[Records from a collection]
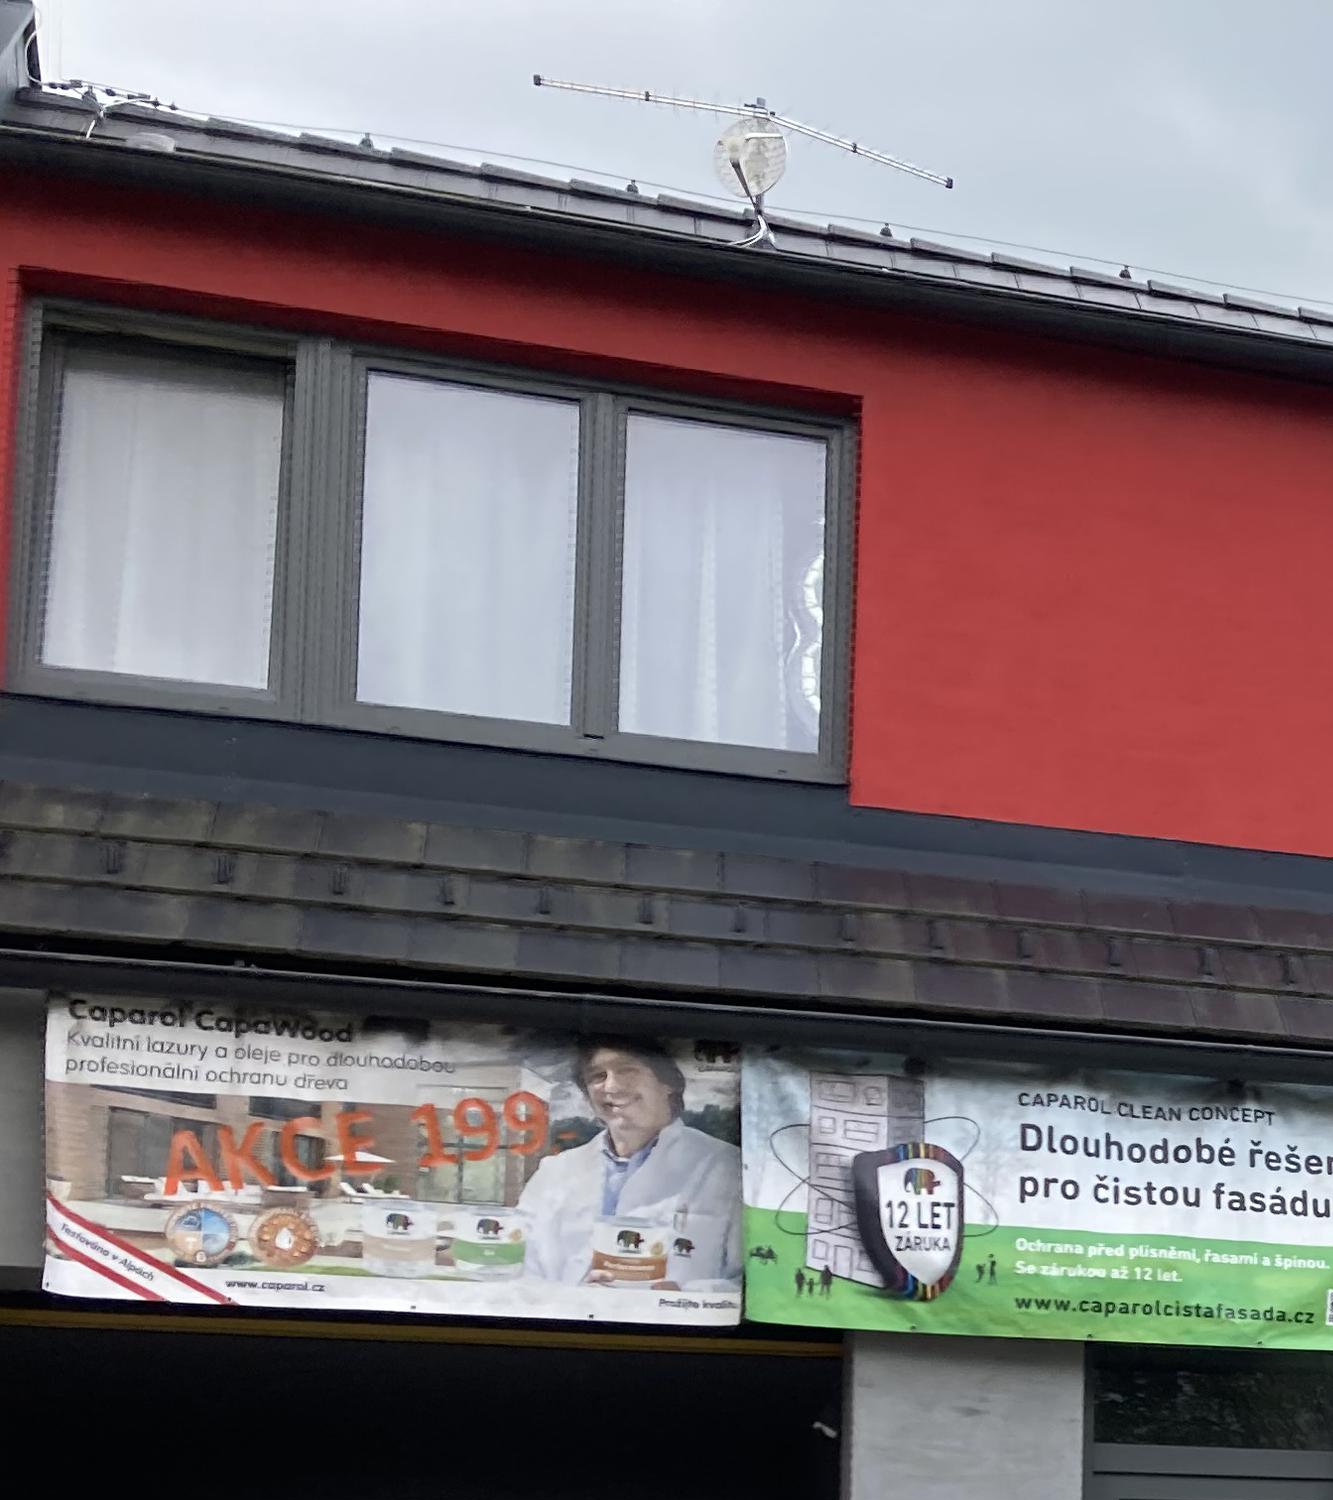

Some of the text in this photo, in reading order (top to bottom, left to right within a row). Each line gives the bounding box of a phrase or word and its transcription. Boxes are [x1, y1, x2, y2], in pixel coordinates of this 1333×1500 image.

[214, 1044, 228, 1058] a
[234, 1044, 282, 1065] oleje
[287, 1052, 320, 1070] pro
[1017, 1092, 1276, 1126] CAPAROL CLEAN CONCEPT
[163, 1108, 389, 1196] AKCE
[1020, 1122, 1236, 1168] Dlouhodobé
[1019, 1174, 1081, 1204] pro
[1092, 1174, 1201, 1209] čistou
[885, 1200, 956, 1230] 12 LET
[894, 1231, 951, 1252] ZÁRUKA
[1014, 1237, 1084, 1256] Ochrana
[1087, 1243, 1126, 1261] před
[1261, 1256, 1272, 1267] a
[1014, 1260, 1183, 1283] Se zárukou až 12 let.
[1014, 1295, 1316, 1326] www.caparolcistafasada.cz
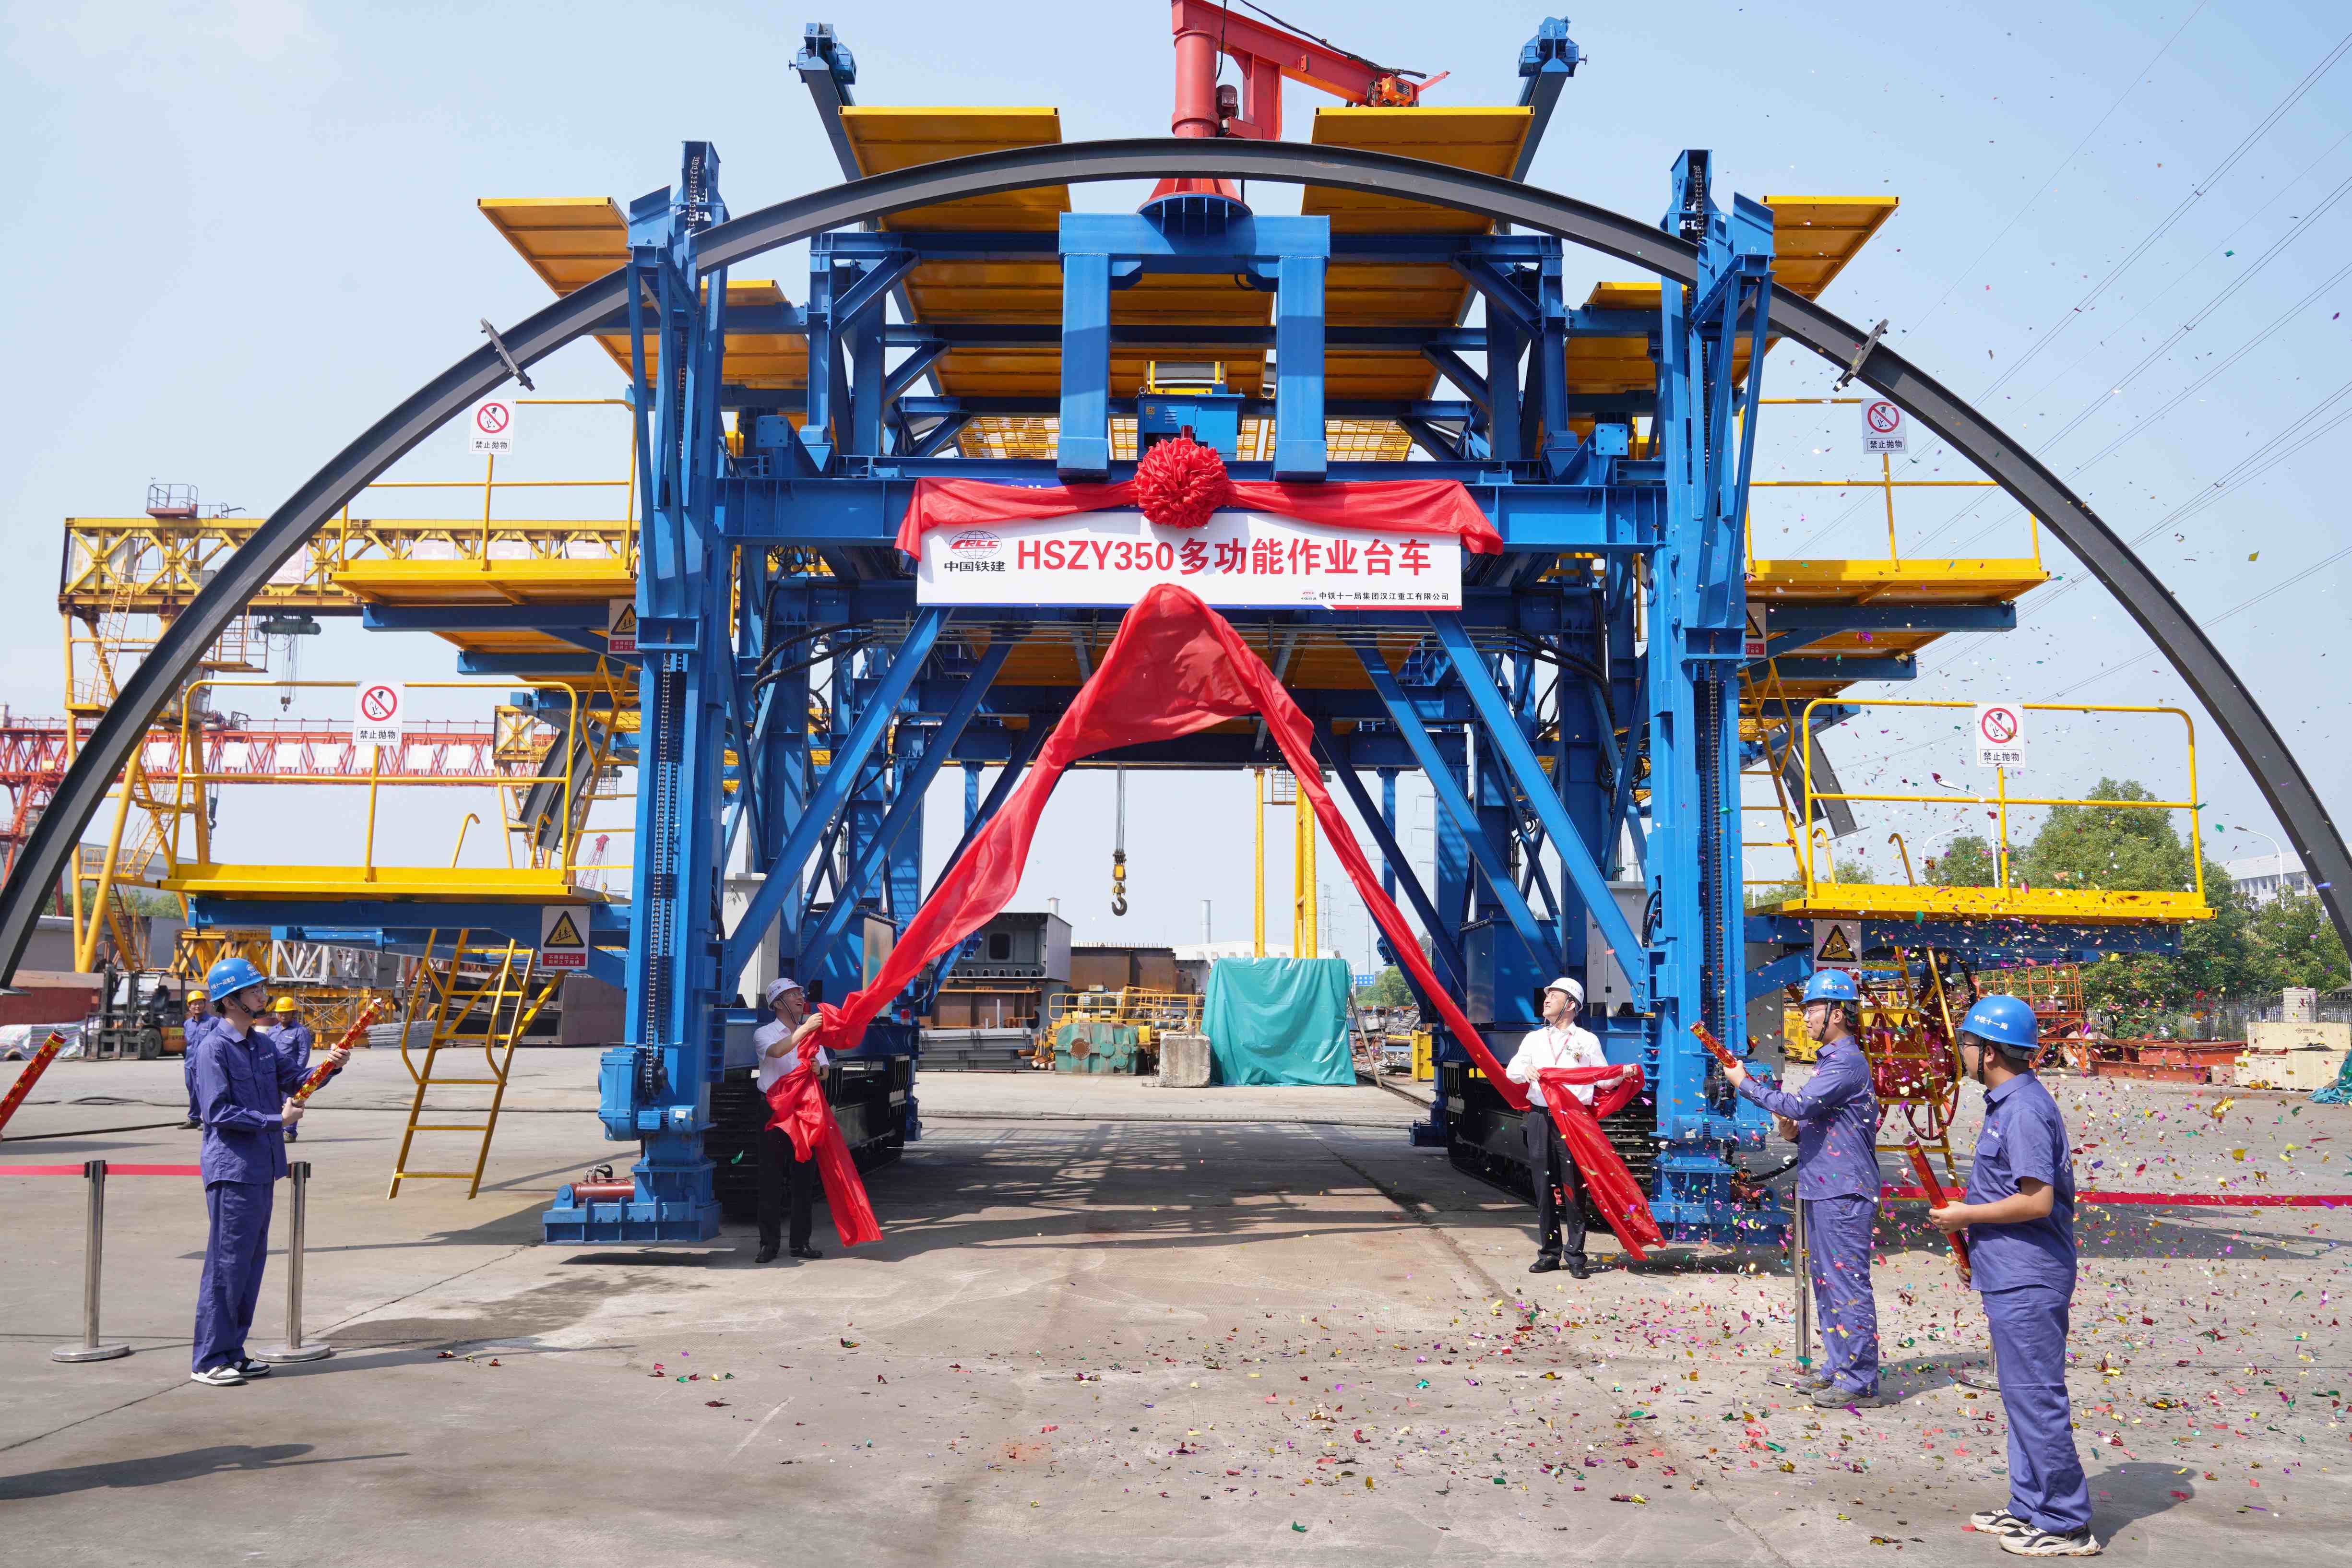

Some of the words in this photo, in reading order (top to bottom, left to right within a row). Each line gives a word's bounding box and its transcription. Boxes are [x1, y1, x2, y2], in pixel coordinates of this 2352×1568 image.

[475, 440, 508, 450] 禁止抛物
[1869, 440, 1902, 449] 禁止抛物
[1017, 537, 1431, 576] HSZY350多功能作业台车
[944, 560, 1006, 572] 中国铁建
[1319, 591, 1449, 601] 中铁十一局集团汉江重工有限公司
[360, 730, 396, 739] 禁止抛物
[1984, 751, 2019, 761] 禁止抛物
[1974, 1014, 2008, 1031] 中铁十一局
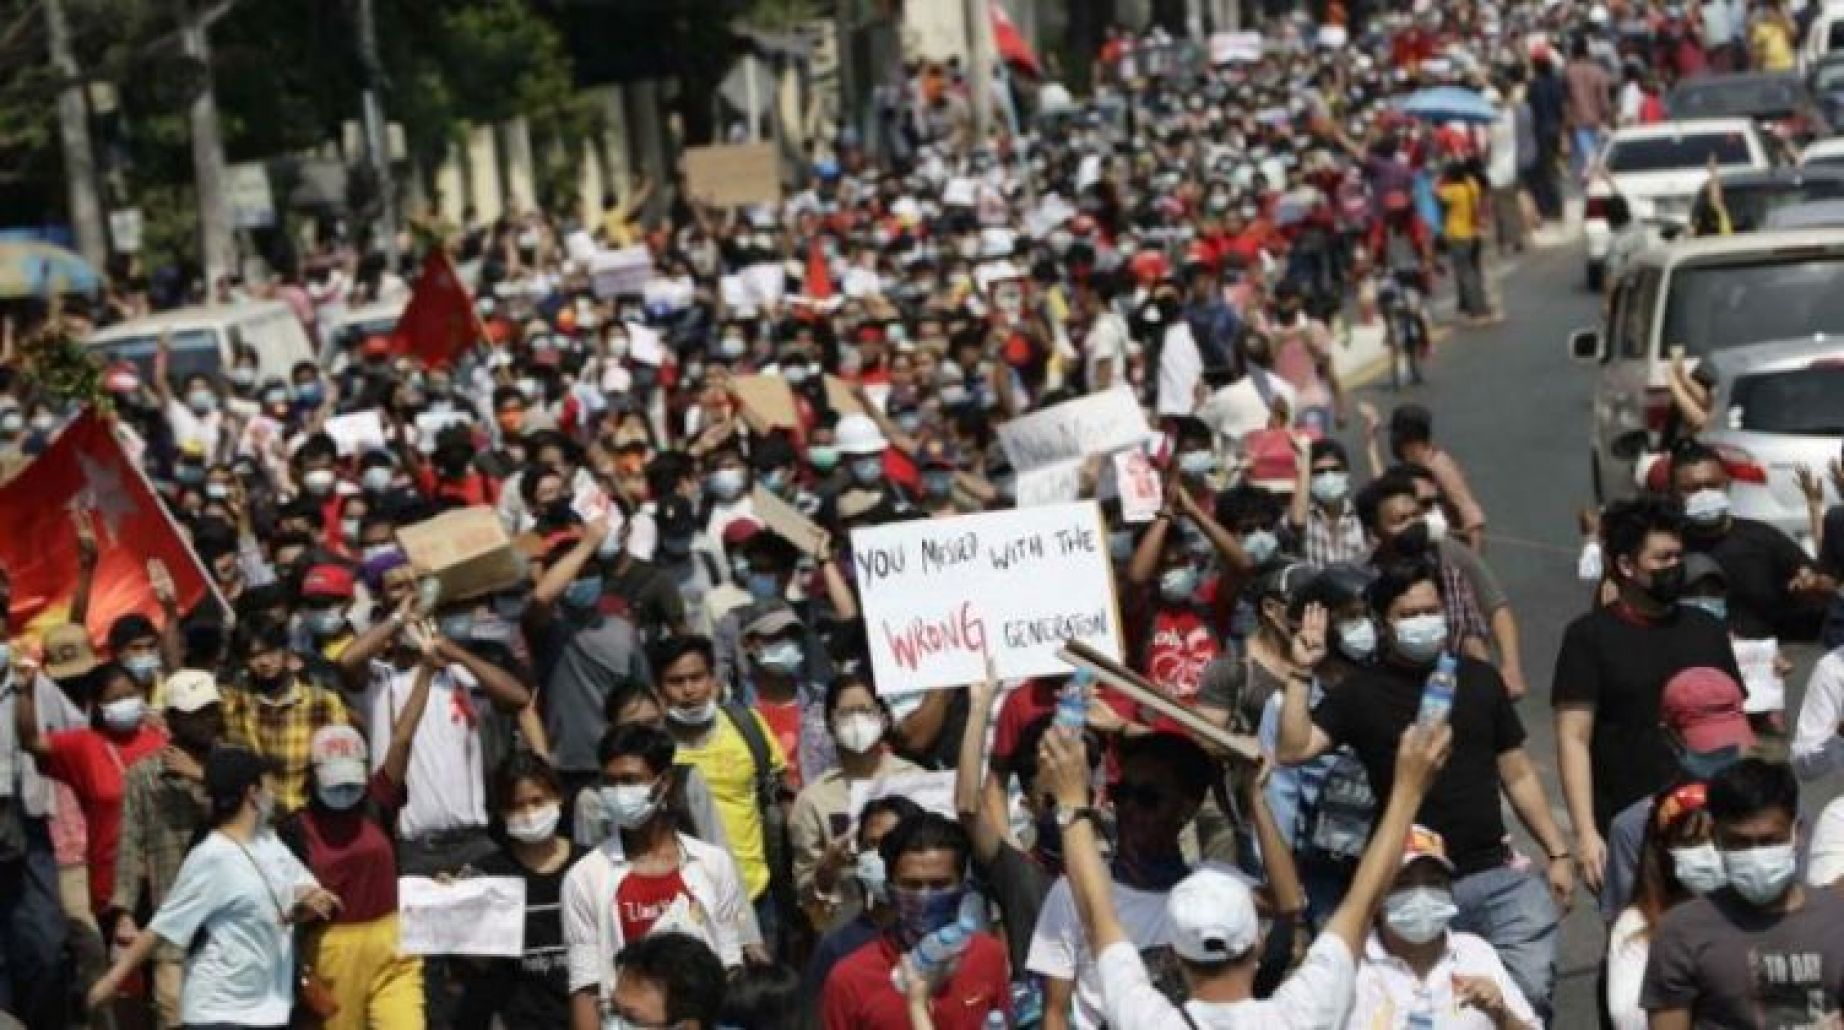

_What you will do_
Beginning with the line that contains "Some of the words", print exactly every line through the end of the records, both included. Omit the pictures.

_Solution to the exercise_
Some of the words in this photo, in reading order (top to bottom, left to right within a row). Each line gives a word's bounding box and its transcription. Boxes are [x1, y1, x2, y2], in pixel coordinates of this 2352×1568 image.

[475, 440, 508, 450] 禁止抛物
[1869, 440, 1902, 449] 禁止抛物
[1017, 537, 1431, 576] HSZY350多功能作业台车
[944, 560, 1006, 572] 中国铁建
[1319, 591, 1449, 601] 中铁十一局集团汉江重工有限公司
[360, 730, 396, 739] 禁止抛物
[1984, 751, 2019, 761] 禁止抛物
[1974, 1014, 2008, 1031] 中铁十一局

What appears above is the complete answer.